Charlies & Cindys reef

I and Annika are not as keen on wrecks as the guys, so on the last diving day we all decided to do some coral diving. We went with Aquamarine Divecenter as Allan Powers’s boat was broken. The corals were very beautiful but relatively new and not too colour full. We went to two spots, Charlie’s reef and Cindy’s reef. Charlie’s reef had much more corals and also seemed to be a very large reef. Some corals got really big in this place as you can see. The second dive was at Cindy’s reef, which had more fish and was rather rich in Clams. The island you can see is Aore Island, which is just opposite to Luganville, where we stayed.

Blue Hole

Except for diving we did two excursions. The first one was to a freshwater spring called the Blue Holes. We asked to rent the guides car as we thought it would be more fun to go by ourselves. The only problem was that there were no road signs or notices once you got in to a certain area, so it took us a little while to find the water in the middle of the jungle. Going around Santo there were quite a few signs of WWII. The roads that were now rather bad seemed in fact to have been pretty good in the past, judging by the concrete marks. We also saw several supply sheds and landingfields. Even more clear was the effect on the natural environment. The whole rainforest was covered in "military cover leaves" and mostly looked like a large Paintball zone. Anders and Markus were both running around checking the roads and surroundings while I and Annika were sitting in the car eating cookies. We dived in the holes and the visibility was really amazing. You could in fact see the leaves in the trees when looking up from 18 metres depth. Above you can see some of the photos on Anders practicing UW photogtraphy, as well as a self portrait by Markus.

After the Blue Holes we drove on to a beach called Champagne beach, which is on the north-eastern side of the island. The beach is supposedly one of the most beautiful beaches in the Pacific and the sand grains were very small and white. It was really nice to go for a swim!

Million Dollar Point


The third day of diving we decided to leave the luxory liner SS President Coolidge to dive at Million Dollar Point.
The place has got its name as the Americans dumped millions of dollars worth of equipment at the end of WWII. The cost of shipping it home was too high and according to our guide the Americans tried to sell everything to the French at an unreasonably high price. When the French came back with a lower offer the Americans were offended and decided to dump everything into the sea. Maybe not the best for the environment but fun for scuba divers as the bottom from 15 to 42 metres is covered with cars, jeeps, boats, trucks and so on.
The spots also attracts sea life and we saw a lot of corals. Anders and Annika even saw a turtle, when Markus and I were stuffing around with the camera.

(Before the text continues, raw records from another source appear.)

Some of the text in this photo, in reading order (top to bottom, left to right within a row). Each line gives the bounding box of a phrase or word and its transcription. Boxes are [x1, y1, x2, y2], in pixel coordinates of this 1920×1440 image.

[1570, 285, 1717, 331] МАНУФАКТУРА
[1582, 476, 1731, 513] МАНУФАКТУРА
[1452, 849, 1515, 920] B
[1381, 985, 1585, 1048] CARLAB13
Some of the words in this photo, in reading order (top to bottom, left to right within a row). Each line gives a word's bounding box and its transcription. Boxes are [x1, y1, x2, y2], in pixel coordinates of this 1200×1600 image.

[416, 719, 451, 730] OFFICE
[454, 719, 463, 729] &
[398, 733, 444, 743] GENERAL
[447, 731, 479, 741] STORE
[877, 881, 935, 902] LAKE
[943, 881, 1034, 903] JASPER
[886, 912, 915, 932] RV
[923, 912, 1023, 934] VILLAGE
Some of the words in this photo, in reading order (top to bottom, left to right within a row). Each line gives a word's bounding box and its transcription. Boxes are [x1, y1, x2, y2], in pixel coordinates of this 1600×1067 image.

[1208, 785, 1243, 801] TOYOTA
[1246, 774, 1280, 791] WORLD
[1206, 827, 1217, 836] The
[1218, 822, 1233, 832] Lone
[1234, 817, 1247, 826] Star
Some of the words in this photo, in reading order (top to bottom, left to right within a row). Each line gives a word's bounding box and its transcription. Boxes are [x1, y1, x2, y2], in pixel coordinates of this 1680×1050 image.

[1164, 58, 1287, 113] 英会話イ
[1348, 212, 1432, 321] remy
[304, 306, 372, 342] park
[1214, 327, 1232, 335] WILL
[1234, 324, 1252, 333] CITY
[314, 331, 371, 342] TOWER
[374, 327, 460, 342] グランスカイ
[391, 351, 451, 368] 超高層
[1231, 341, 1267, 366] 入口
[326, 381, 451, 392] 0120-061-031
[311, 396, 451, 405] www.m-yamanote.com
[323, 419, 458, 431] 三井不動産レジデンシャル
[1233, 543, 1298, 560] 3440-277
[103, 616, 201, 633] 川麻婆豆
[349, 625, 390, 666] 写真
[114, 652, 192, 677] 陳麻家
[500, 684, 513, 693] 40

We had a good time diving the MM$Point even though we were longing for more reefs and colourful fish at this point.

Coral Gardens

When scuba diving deep, one always has to ascend slowly and preferably stay some time at around 5 metres depth. Luckily, there was a small coral garden on the way up from President Coolidge. I think I and Annika both enjoyed seeing some fish and corals and not just wreck parts. It was particularly many Clown fish, or now commonly known as Nemos as well as some Swedish fish.








It was also a great opportunity for me and Markus to practice the settings on the camera, as you can not get any decent photos on automatic mode.